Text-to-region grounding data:
▬▬▬▬▬▬▬▬▬▬

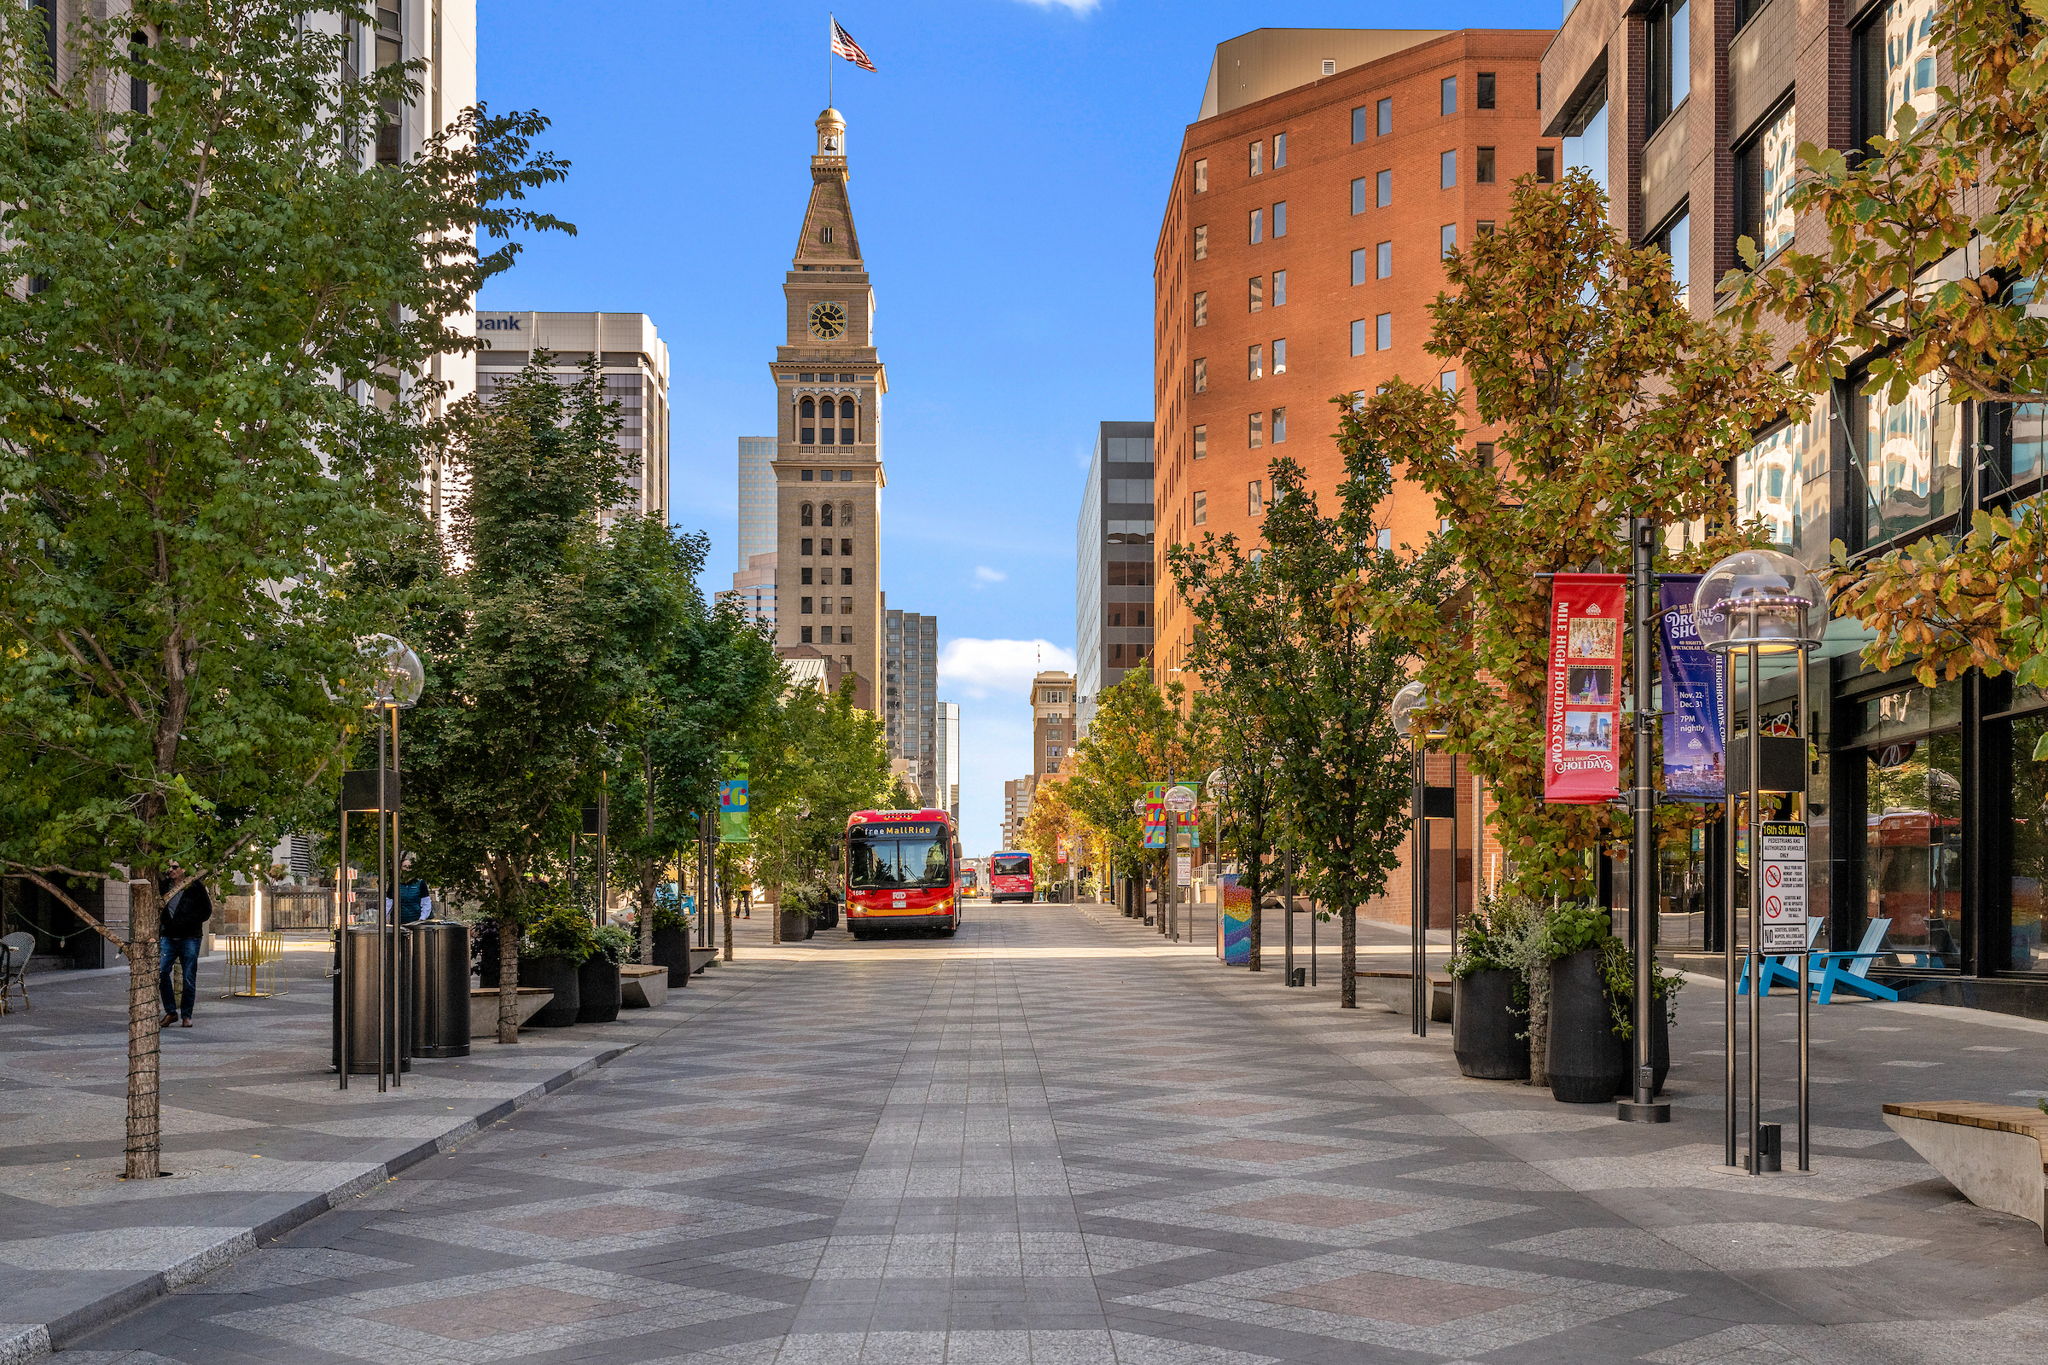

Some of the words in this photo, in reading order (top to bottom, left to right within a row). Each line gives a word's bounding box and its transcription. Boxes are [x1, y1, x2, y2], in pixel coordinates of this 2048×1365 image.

[1556, 602, 1569, 631] MILE
[1665, 608, 1714, 627] DRONE
[1671, 613, 1725, 638] SHOW
[1555, 635, 1567, 667] HIGH
[1680, 691, 1694, 699] Nov.
[1680, 700, 1694, 708] Dec.
[1695, 700, 1703, 708] 31
[1552, 672, 1565, 763] HOLIDAYS.COM
[1680, 724, 1705, 733] nightly
[1555, 754, 1613, 774] HOLIDAYS
[721, 787, 747, 806] 16
[1763, 825, 1777, 835] 16th
[1778, 825, 1788, 835] ST.
[1789, 825, 1805, 835] MALL
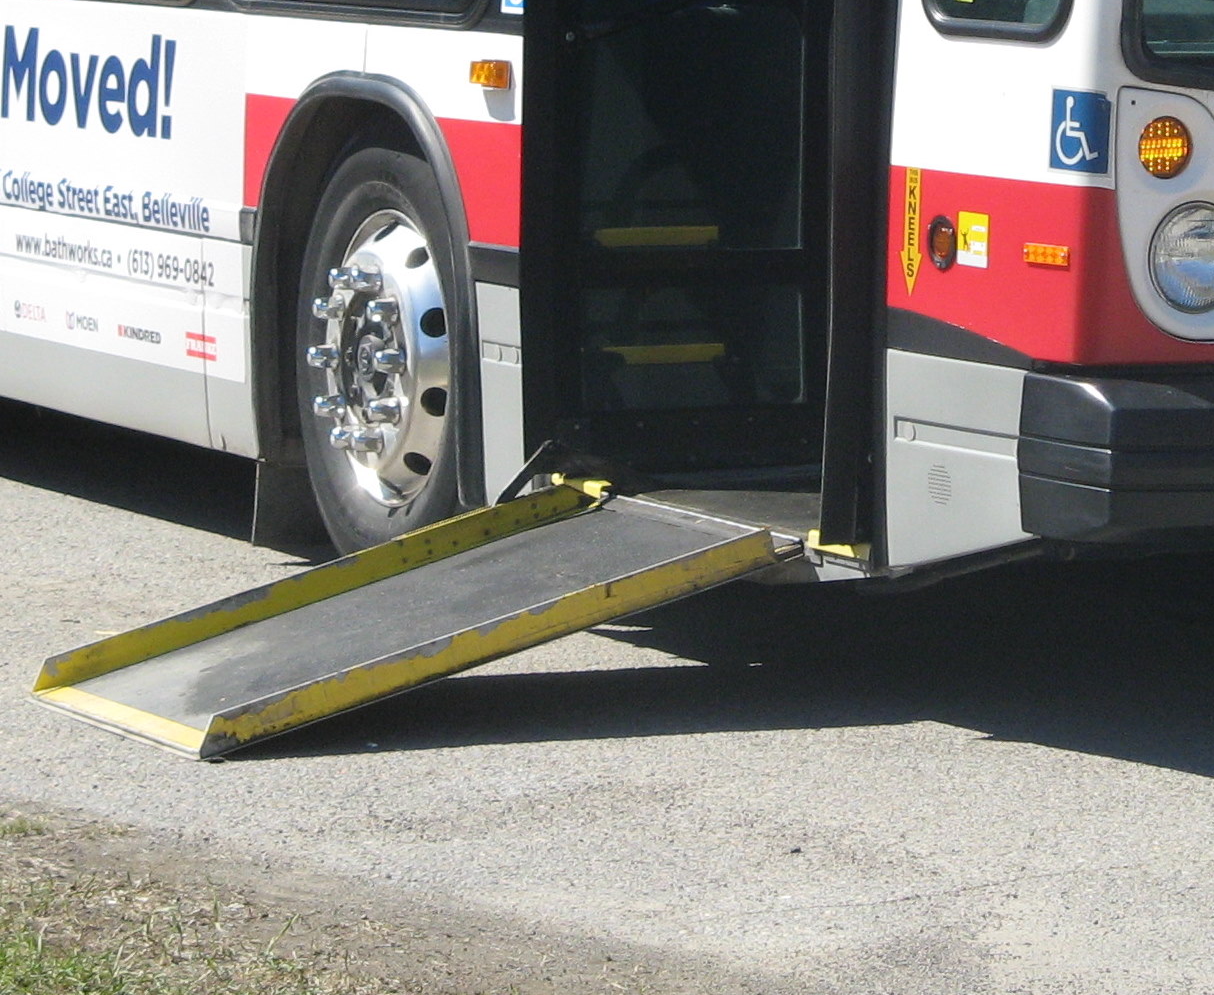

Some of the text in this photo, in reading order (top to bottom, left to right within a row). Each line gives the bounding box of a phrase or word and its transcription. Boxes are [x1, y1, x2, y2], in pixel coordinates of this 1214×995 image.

[1, 24, 177, 140] Moved!
[2, 169, 210, 233] College Street East, Belleville
[15, 232, 215, 287] www.bathworks.ca (613) 969-0842
[906, 185, 918, 278] KNEELS
[76, 314, 99, 332] MOEN
[124, 324, 162, 345] KINDRED
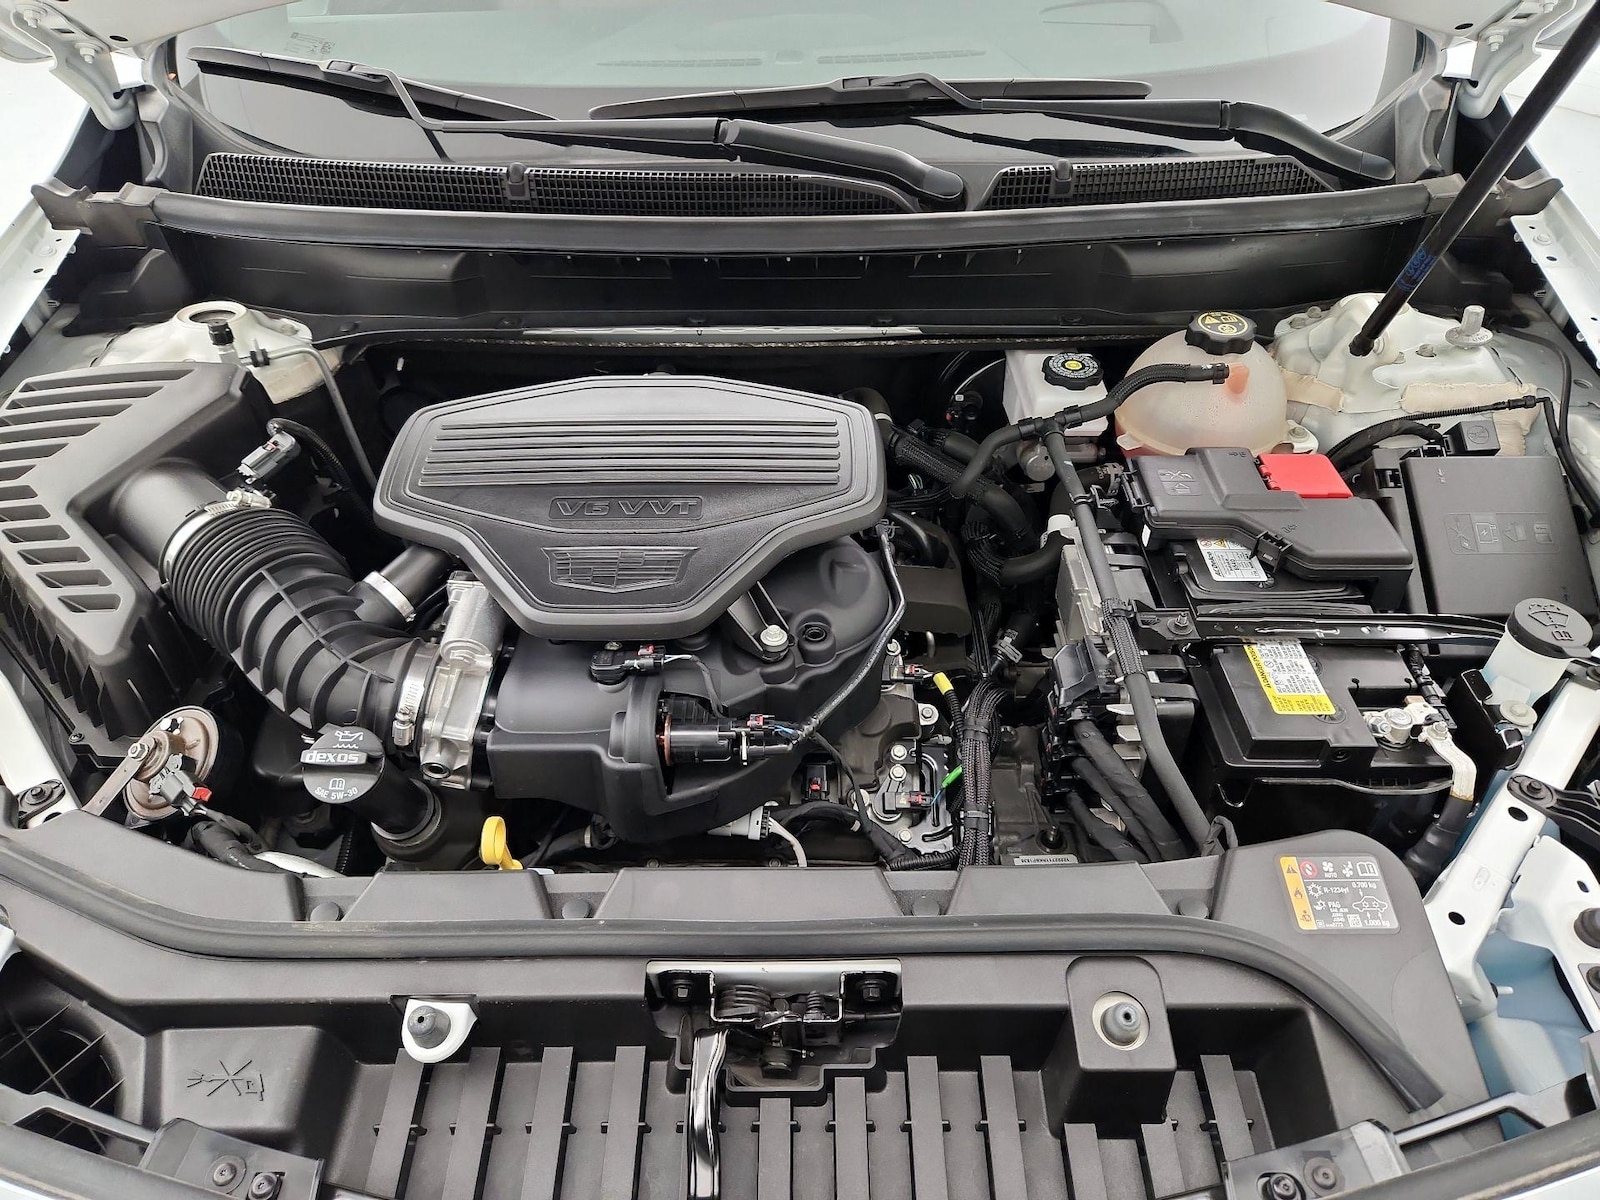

▬▬▬▬▬▬▬▬▬▬

### THE TASK
Give back all of the entries above exactly, with the pictures excluded.

### EXERCISE OUTPUT
Some of the words in this photo, in reading order (top to bottom, left to right within a row). Each line gives a word's bounding box and its transcription. Boxes are [x1, y1, x2, y2], in pixel coordinates of this 2048×1365 image.

[1556, 602, 1569, 631] MILE
[1665, 608, 1714, 627] DRONE
[1671, 613, 1725, 638] SHOW
[1555, 635, 1567, 667] HIGH
[1680, 691, 1694, 699] Nov.
[1680, 700, 1694, 708] Dec.
[1695, 700, 1703, 708] 31
[1552, 672, 1565, 763] HOLIDAYS.COM
[1680, 724, 1705, 733] nightly
[1555, 754, 1613, 774] HOLIDAYS
[721, 787, 747, 806] 16
[1763, 825, 1777, 835] 16th
[1778, 825, 1788, 835] ST.
[1789, 825, 1805, 835] MALL

Some of the text in this photo, in reading order (top to bottom, left to right within a row). Each line gives the bounding box of a phrase or word and its transcription. Boxes are [x1, y1, x2, y2], in pixel coordinates of this 1214×995 image.

[1, 24, 177, 140] Moved!
[2, 169, 210, 233] College Street East, Belleville
[15, 232, 215, 287] www.bathworks.ca (613) 969-0842
[906, 185, 918, 278] KNEELS
[76, 314, 99, 332] MOEN
[124, 324, 162, 345] KINDRED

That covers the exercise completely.